- Work to complete:
Every line from the line containing "this 1500×1500 image." through the final line below is to be repeated exactly; no other line is.

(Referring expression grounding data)
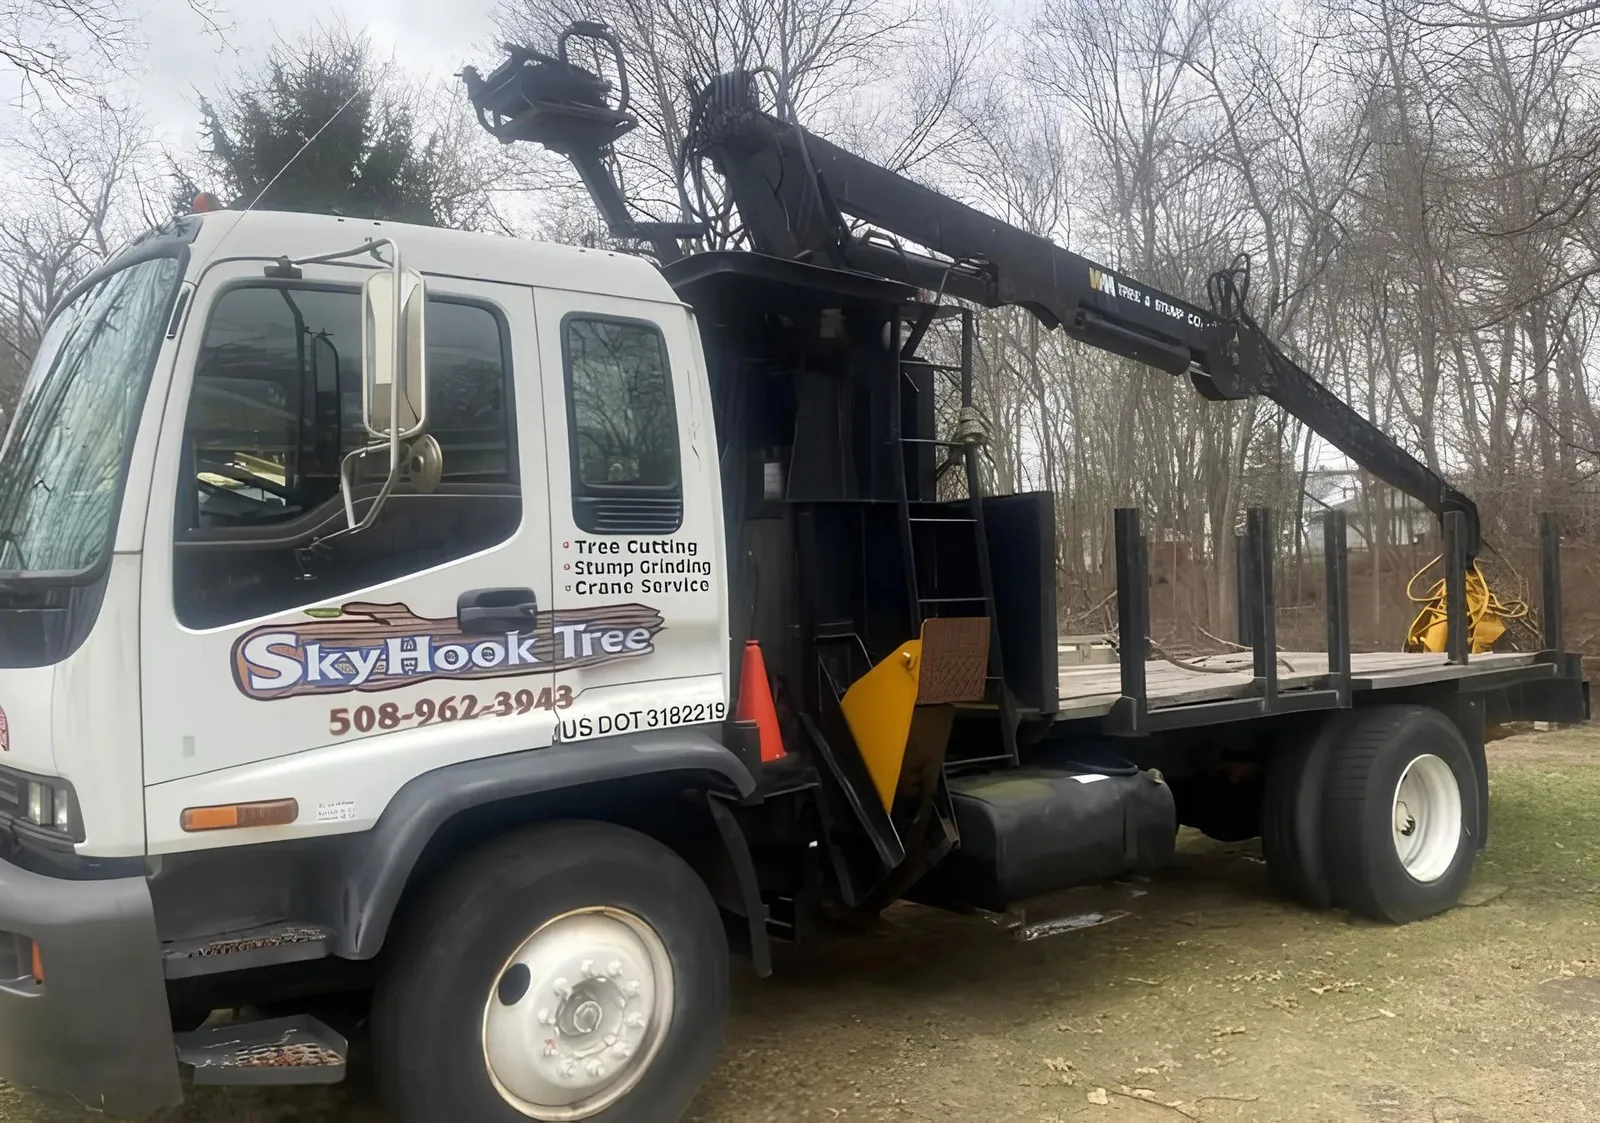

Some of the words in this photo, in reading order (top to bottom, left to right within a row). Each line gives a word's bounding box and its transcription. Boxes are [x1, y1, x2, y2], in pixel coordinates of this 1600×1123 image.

[575, 540, 620, 554] Tree
[627, 539, 697, 556] Cutting
[575, 561, 634, 577] Stump
[640, 559, 711, 575] Grinding
[553, 624, 652, 659] Tree
[329, 685, 574, 736] 508-962-3943
[562, 717, 593, 740] US
[599, 711, 643, 734] DOT
[647, 702, 725, 727] 3182219
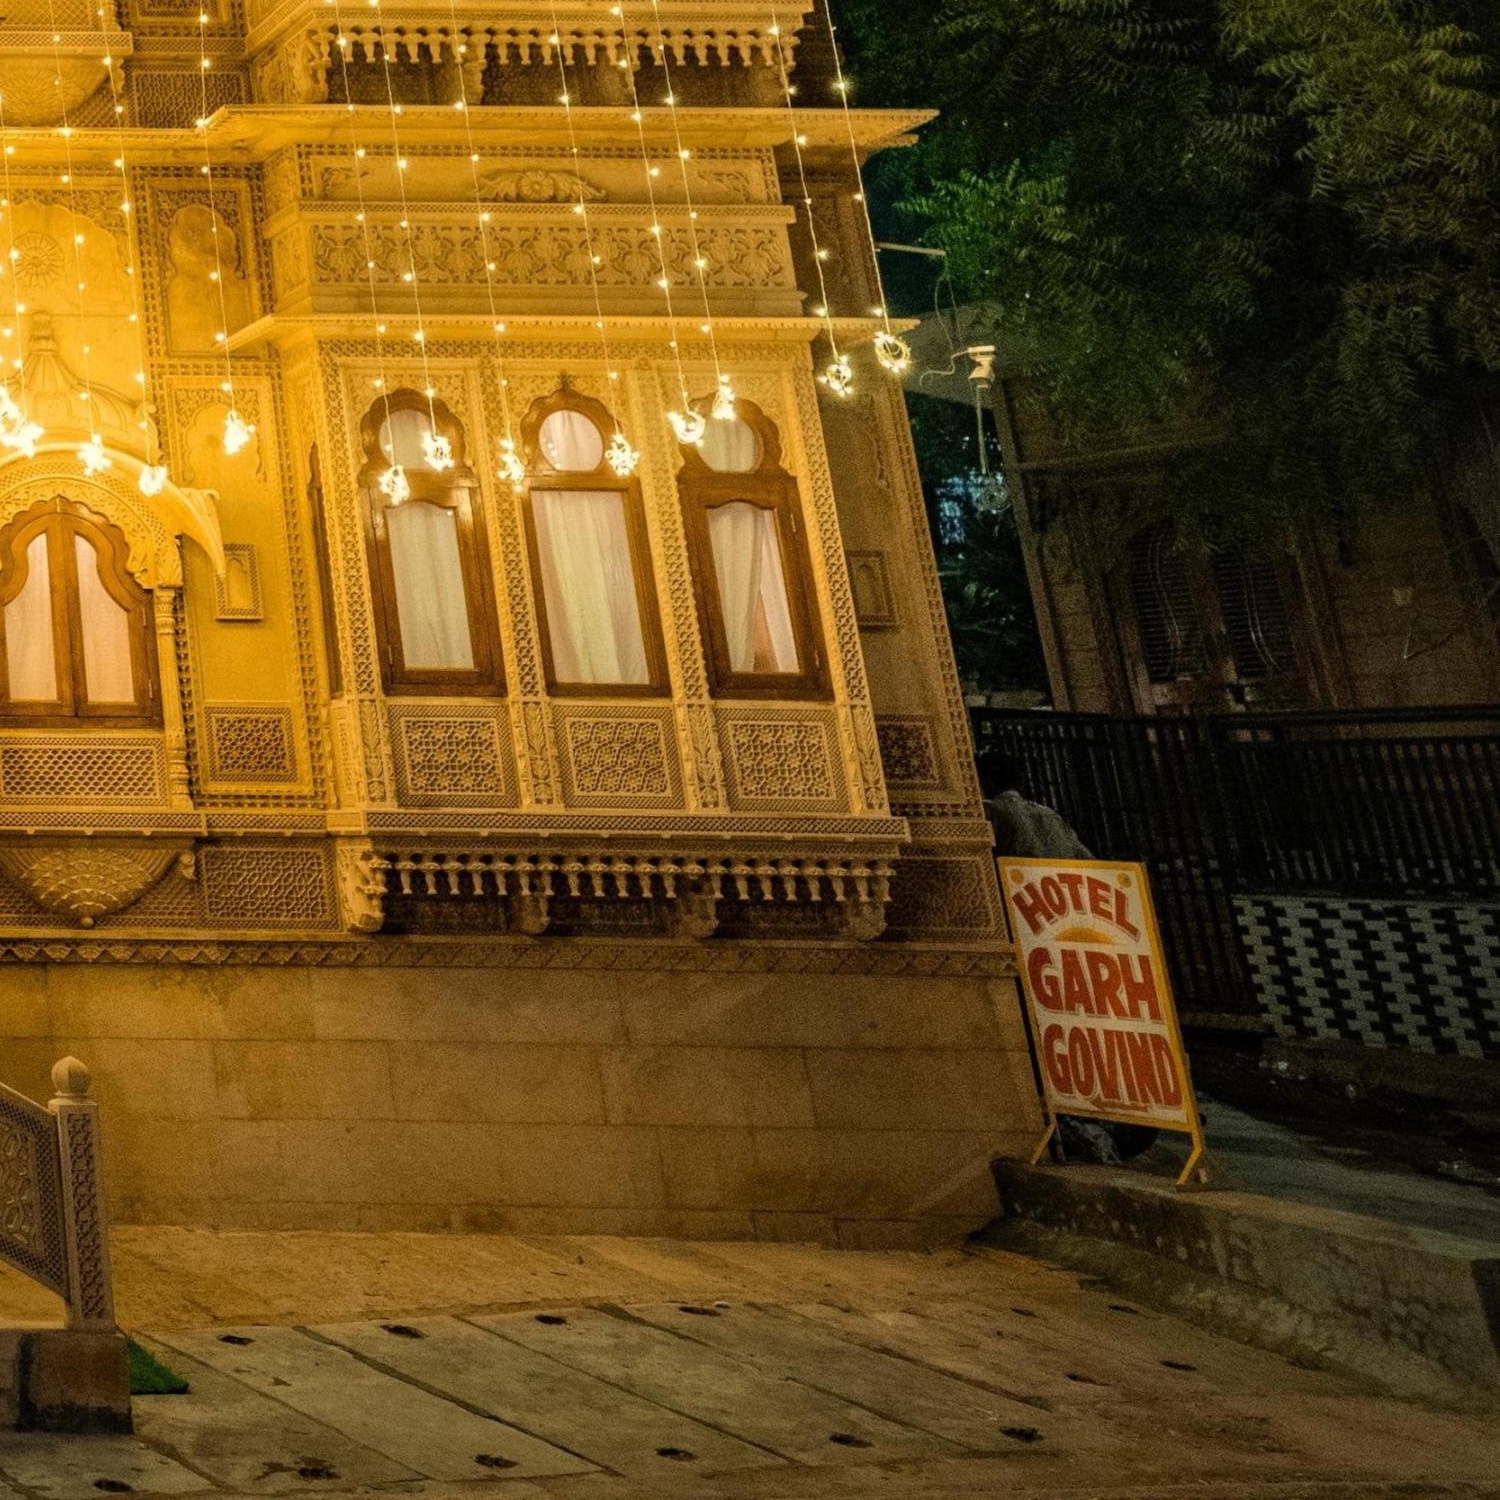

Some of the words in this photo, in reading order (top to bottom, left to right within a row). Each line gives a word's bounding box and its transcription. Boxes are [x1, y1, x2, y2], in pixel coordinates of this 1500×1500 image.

[1012, 872, 1141, 941] HOTEL
[1027, 947, 1164, 1025] GARH
[1043, 1023, 1183, 1110] GOVIND

- Completed task:
Some of the words in this photo, in reading order (top to bottom, left to right within a row). Each line gives a word's bounding box and its transcription. Boxes are [x1, y1, x2, y2], in pixel coordinates of this 1500×1500 image.

[1012, 872, 1141, 941] HOTEL
[1027, 947, 1164, 1025] GARH
[1043, 1023, 1183, 1110] GOVIND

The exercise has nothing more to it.